◆ **ACTIVITY**
Everything in the records below except the pictures must be written out exactly.

START DATA SUPPLIED

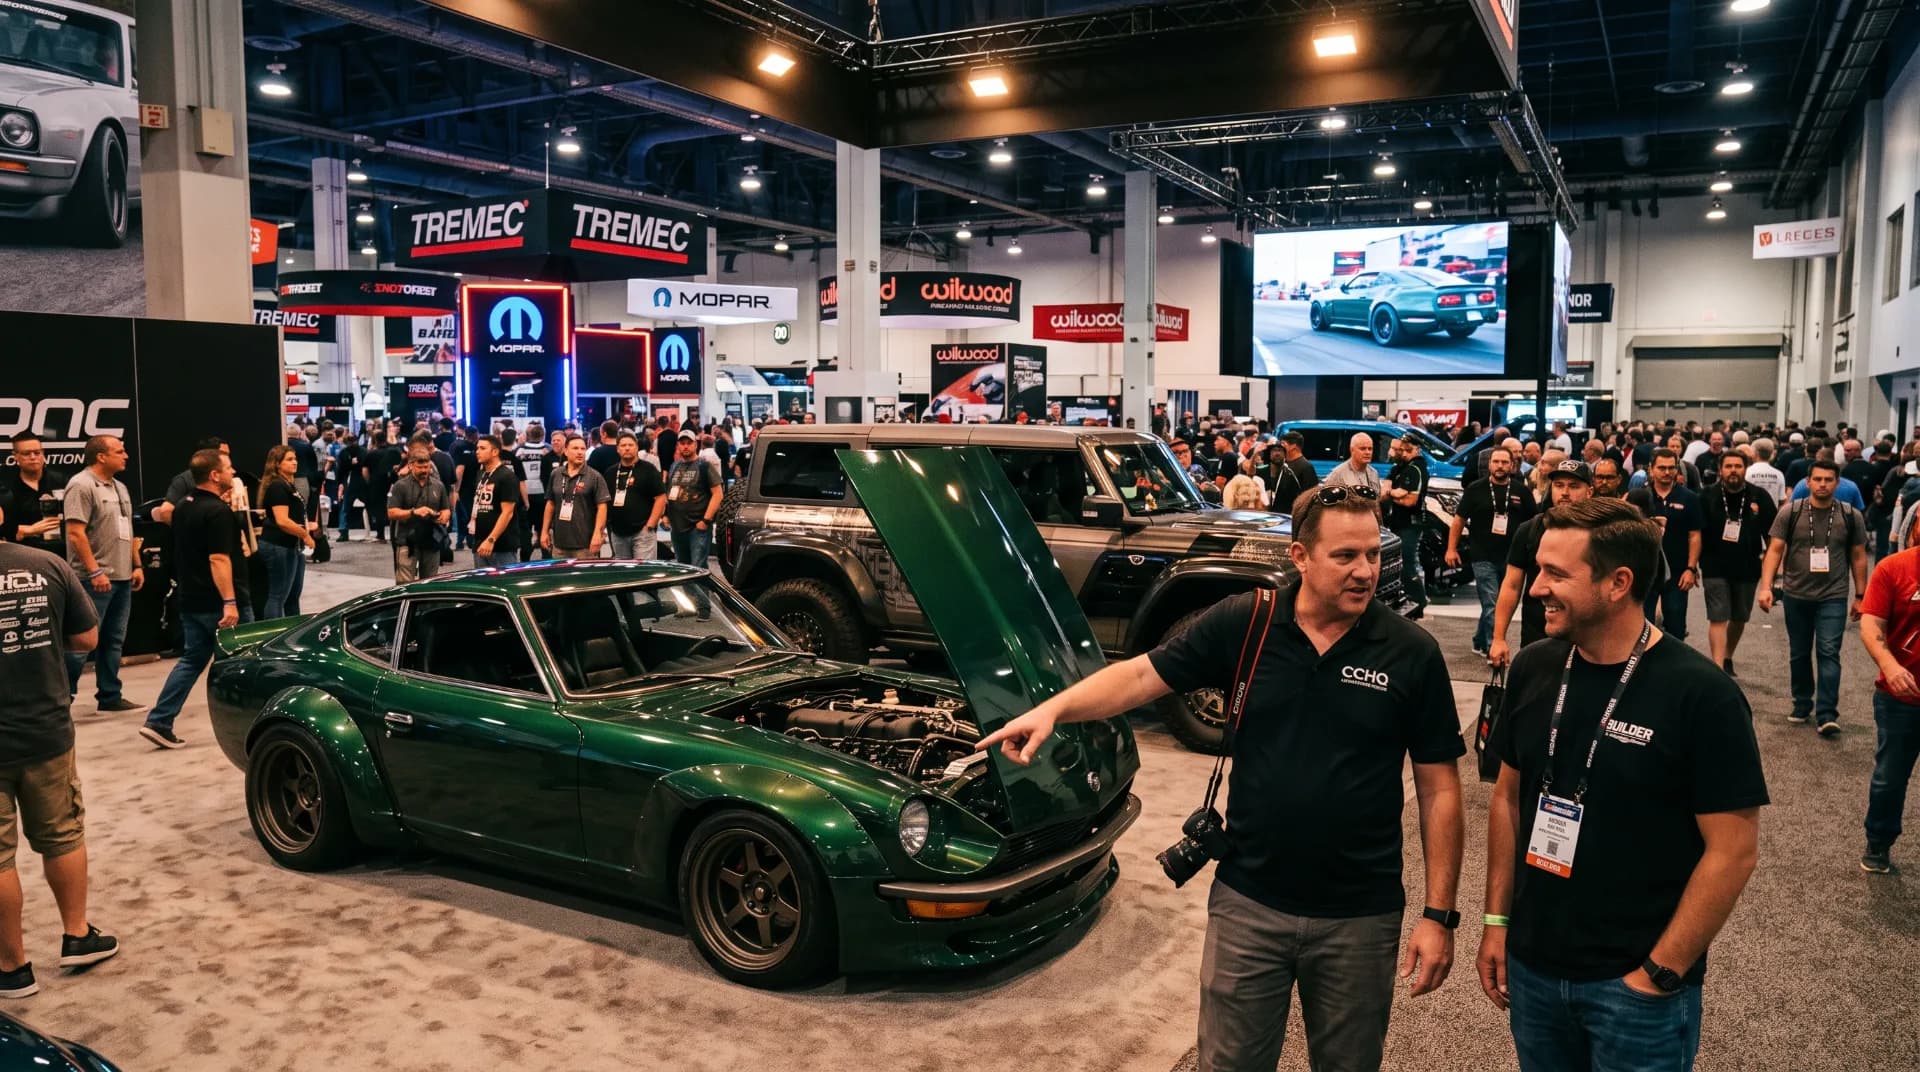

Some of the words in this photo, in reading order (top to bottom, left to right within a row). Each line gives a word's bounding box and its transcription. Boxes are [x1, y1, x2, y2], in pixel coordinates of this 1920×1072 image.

[411, 201, 526, 245] TREMEC
[573, 203, 691, 252] TREMEC
[680, 292, 770, 309] MOPAR
[920, 277, 1013, 304] wilwood
[253, 308, 320, 327] TREMEC
[408, 383, 439, 393] TREMEC

END DATA SUPPLIED

◆ **THE ANSWER**
Some of the words in this photo, in reading order (top to bottom, left to right within a row). Each line gives a word's bounding box and its transcription. Boxes are [x1, y1, x2, y2], in pixel coordinates of this 1920×1072 image.

[411, 201, 526, 245] TREMEC
[573, 203, 691, 252] TREMEC
[680, 292, 770, 309] MOPAR
[920, 277, 1013, 304] wilwood
[253, 308, 320, 327] TREMEC
[408, 383, 439, 393] TREMEC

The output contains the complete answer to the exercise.